Jean-Marie Diricq : disparition d’une grande plume

Le journalisme perd une grande plume avec la disparition de Jean-Marie Diricq le 30 mai. Originaire de Roubaix, entré au quotidien communiste Liberté en 1961, à l’âge de 16 ans, il en fut le dernier rédacteur en chef de 1989 à 1992. A la liquidation du quotidien, « ces jours douloureux de juillet 1992 qui restent… comme une plaie ouverte » comme il l’écrivit dans le hors-série des 60 ans du titre Liberté, ses compétences mais aussi la pédagogie furent appréciées un peu partout en France.

Jean-Marie Diricq en 1987

Homme de conviction, Jean-Marie Diricq avait appris à penser par lui-même et ne s’en privait pas.

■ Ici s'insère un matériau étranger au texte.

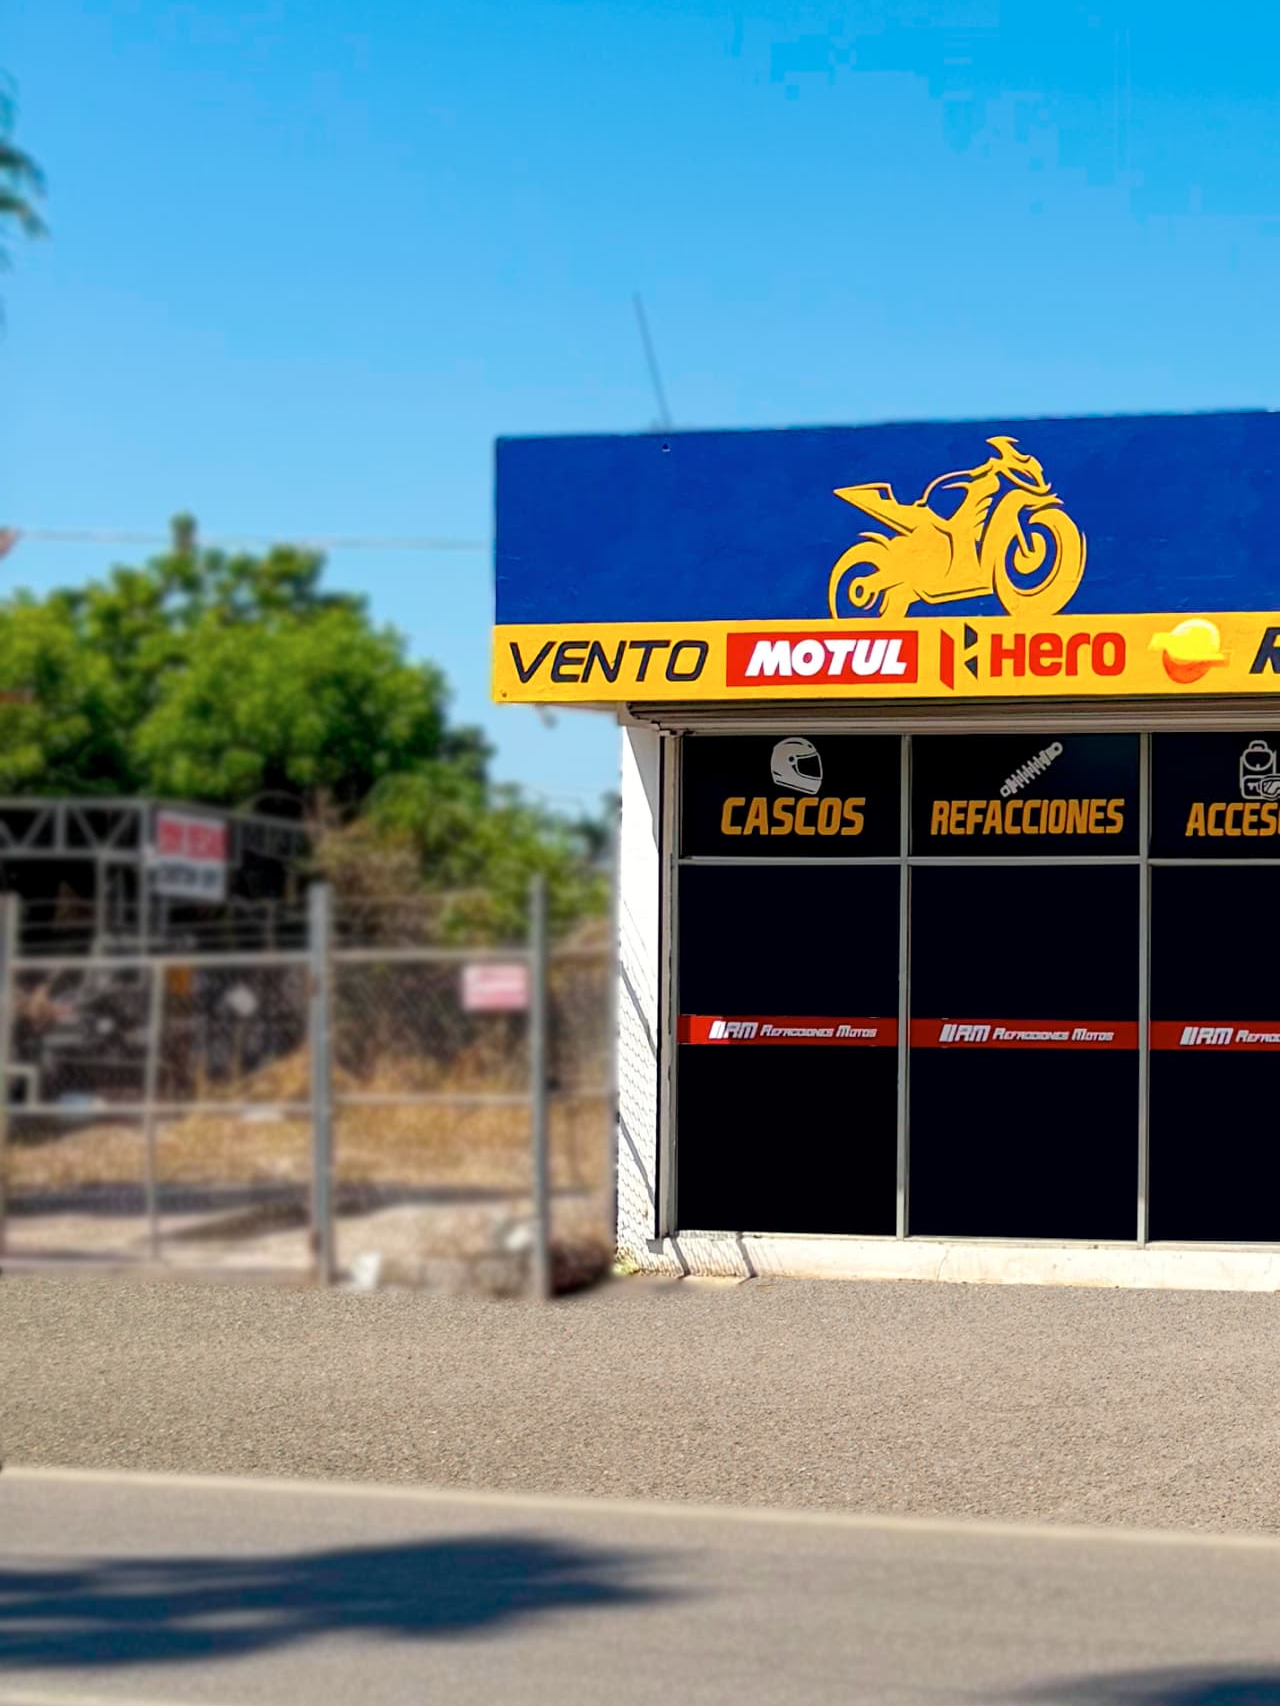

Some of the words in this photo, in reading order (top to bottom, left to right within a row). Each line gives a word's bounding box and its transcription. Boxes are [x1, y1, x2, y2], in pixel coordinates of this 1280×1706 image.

[509, 639, 709, 683] VENTO
[745, 638, 908, 678] MOTUL
[720, 797, 866, 835] CASCOS
[930, 798, 1125, 835] REFACCIONES
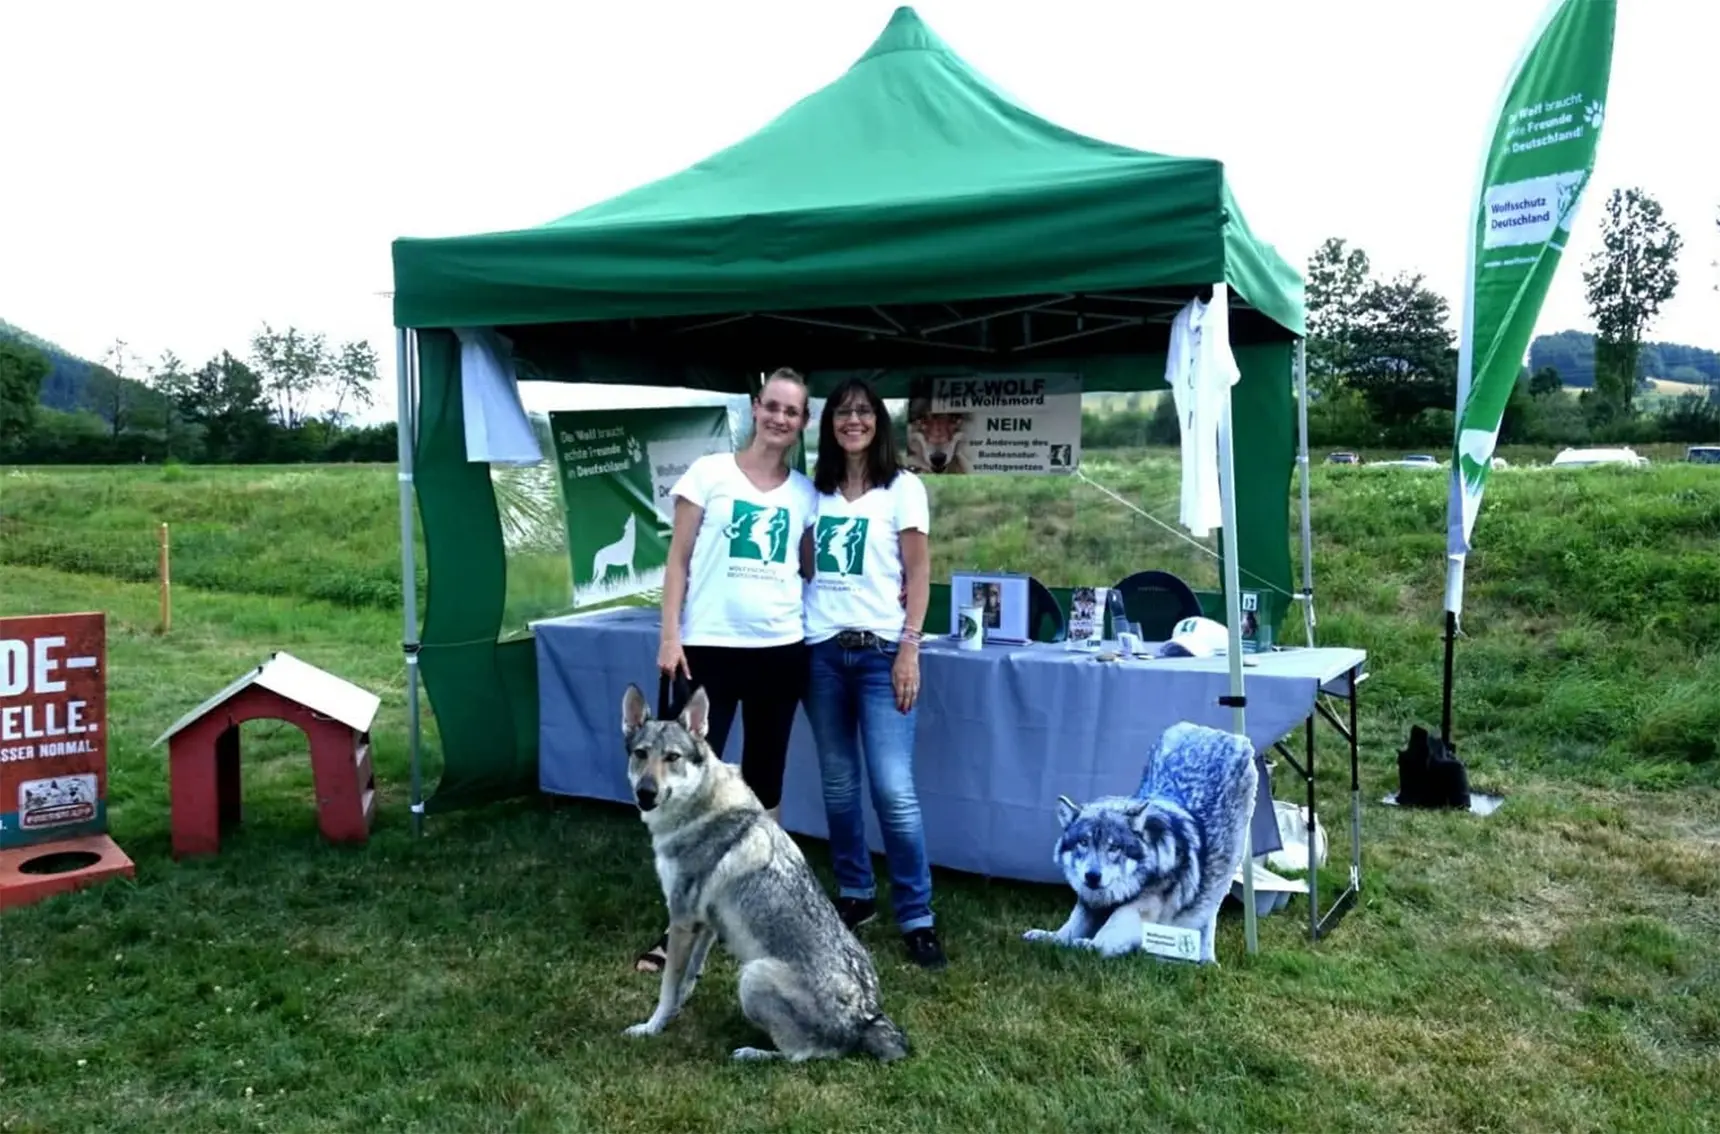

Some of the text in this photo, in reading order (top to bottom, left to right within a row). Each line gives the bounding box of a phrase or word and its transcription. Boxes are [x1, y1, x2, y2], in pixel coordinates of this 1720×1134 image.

[1527, 113, 1573, 133] Freunde
[1491, 196, 1546, 214] Wolfsschutz
[1491, 210, 1550, 229] Deutschland
[971, 395, 1045, 407] Wolfsmord
[986, 418, 1032, 431] NEIN
[2, 700, 98, 740] ELLE.
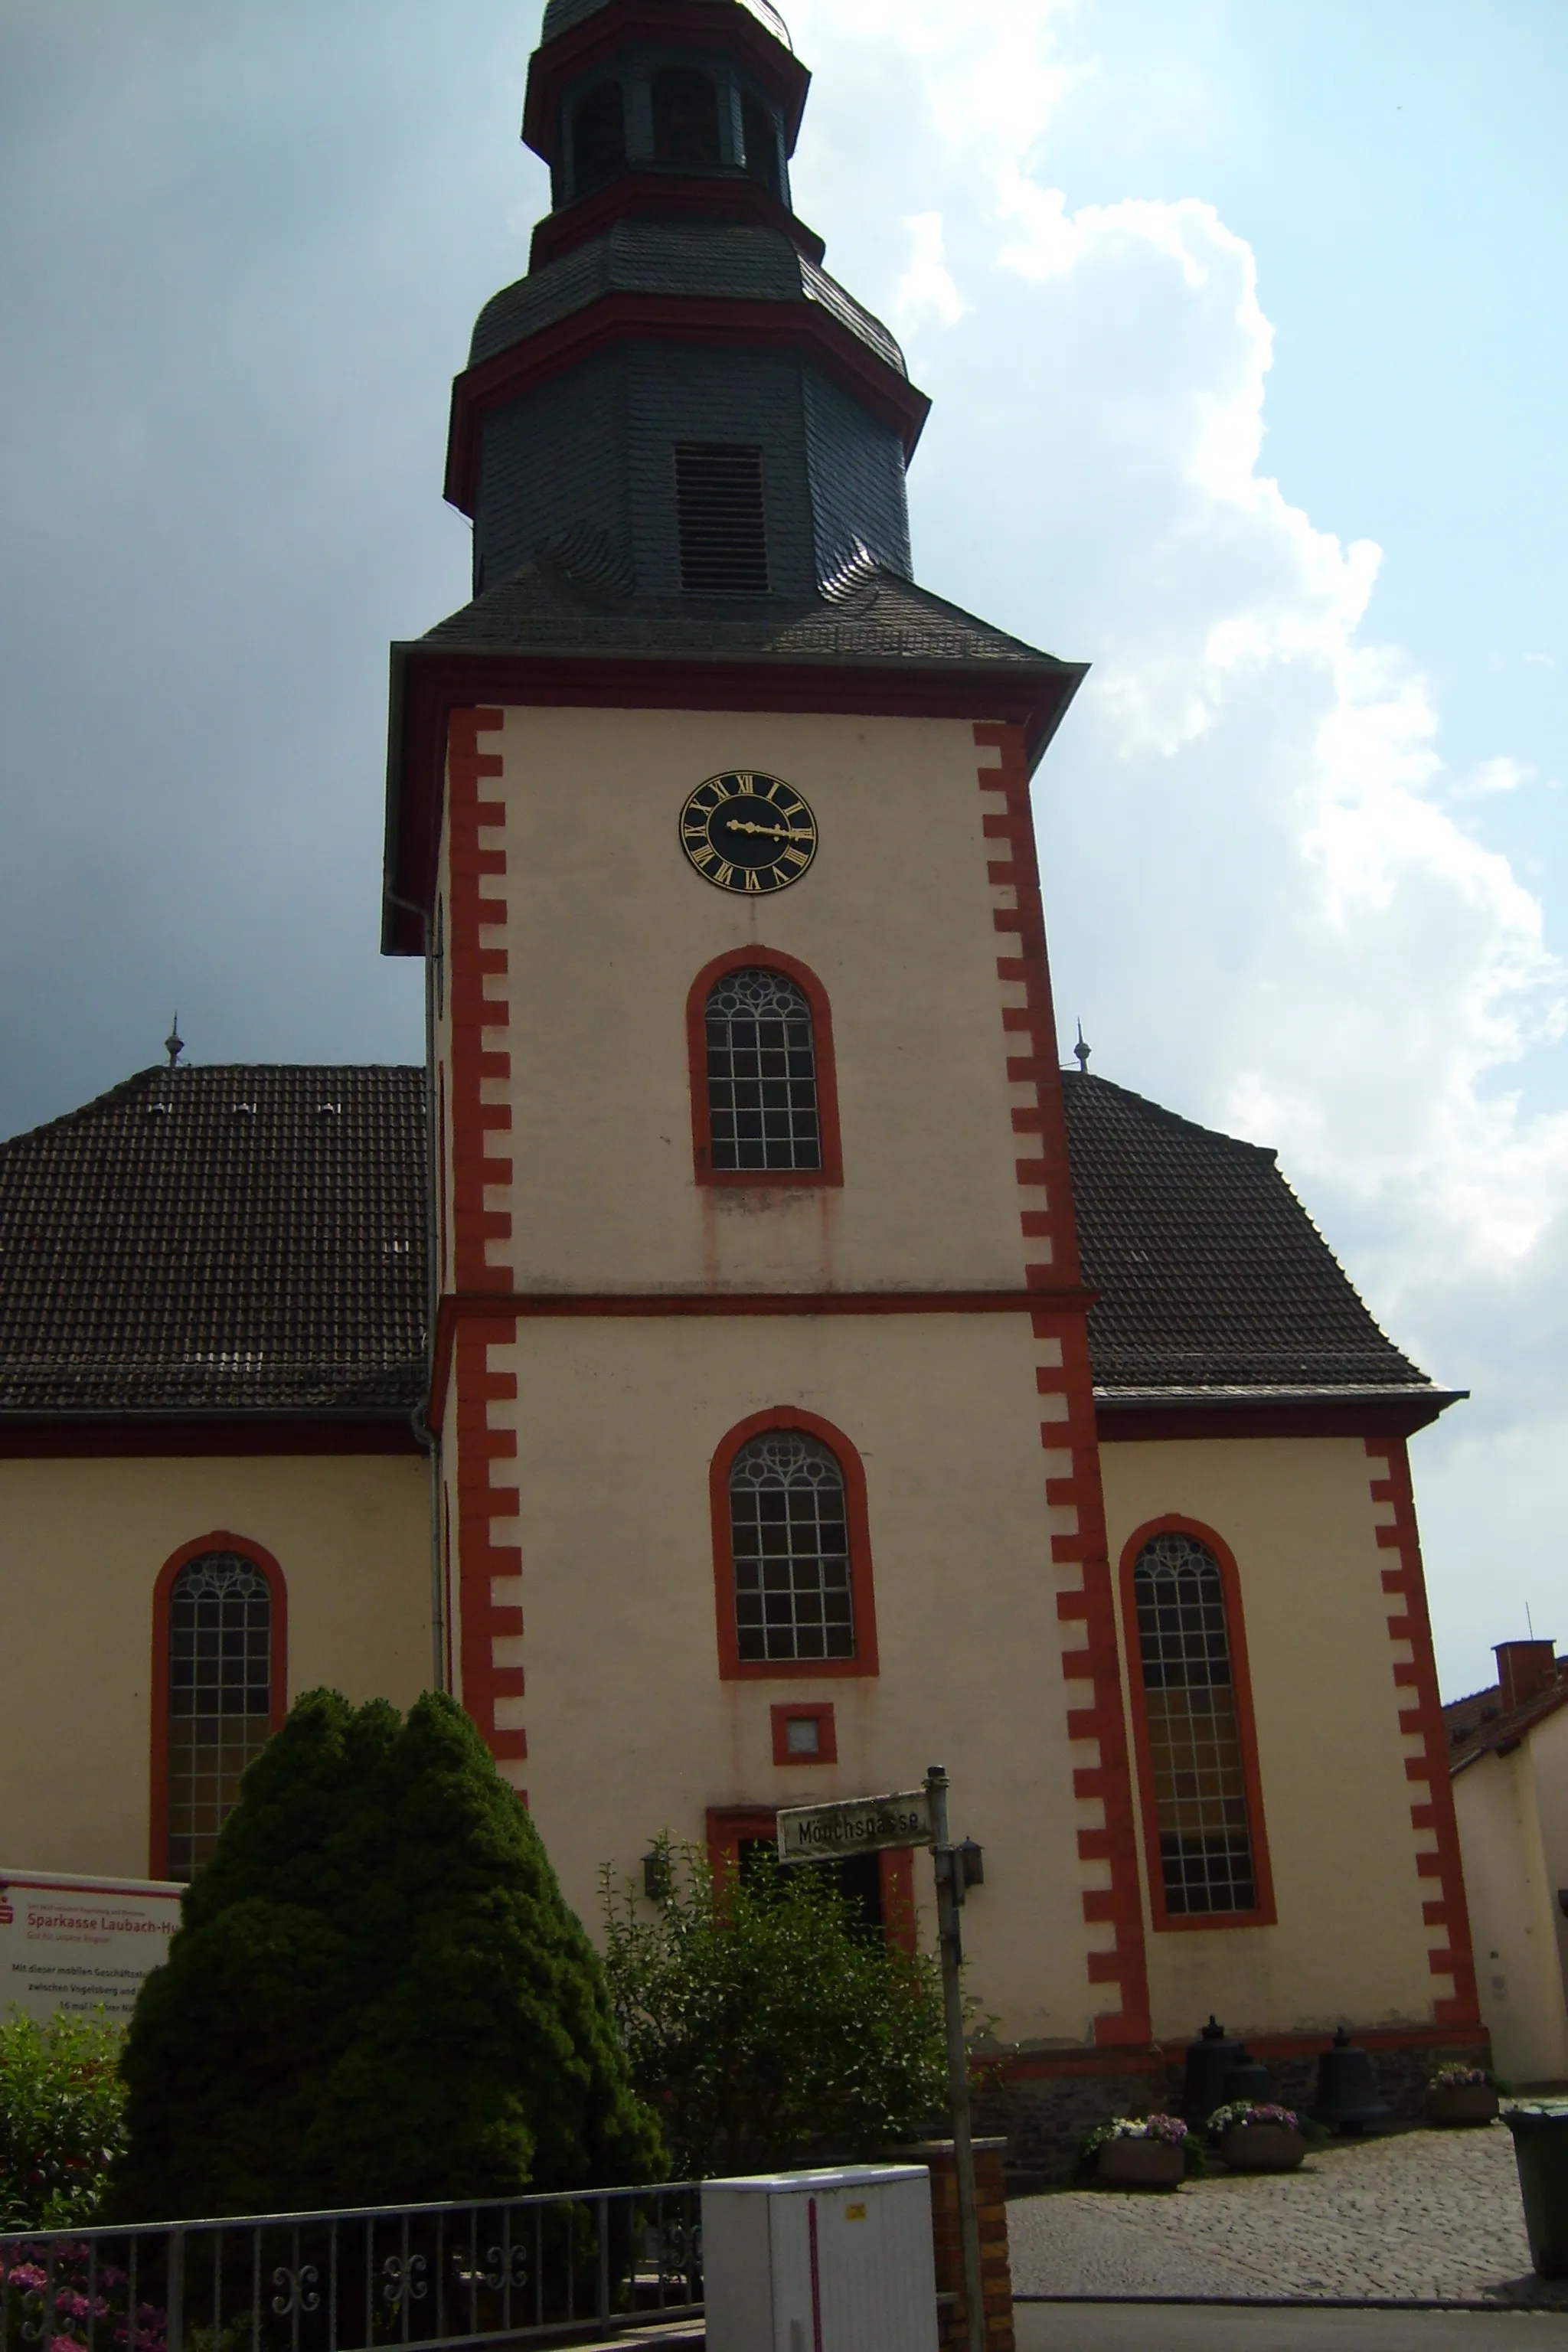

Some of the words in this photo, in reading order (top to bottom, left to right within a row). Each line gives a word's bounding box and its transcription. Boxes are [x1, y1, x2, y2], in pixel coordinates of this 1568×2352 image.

[707, 780, 731, 802] XI
[737, 775, 754, 794] XII
[766, 782, 780, 801] I
[689, 798, 713, 815] X
[783, 800, 805, 815] II
[799, 1813, 918, 1845] Mönchsgasse
[28, 1913, 97, 1930] Sparkasse
[101, 1917, 179, 1934] Laubach-Hu
[93, 1968, 147, 1978] Geschäftsst

Autodidacte accompli, épris de culture, journaliste au sens critique aigu, une plume appréciée et largement reconnue, dont la pertinence et l’autorité étaient incontesté en particulier en tant que critique du spectacle vivant. « Nous avons toujours considéré Liberté comme un objet de culture et ses journalistes comme des agitateurs d’idées », écrivait-il encore dans le hors-série de 2004, à la présentation duquel il participait le 6 septembre de cette année-là au Club de la presse Nord-Pas de Calais.

Les funérailles de Jean-Marie Diricq auront lieu le mercredi 3 juin, à 11 heures, au crématorium bétunois de Vendin-les-Béthune.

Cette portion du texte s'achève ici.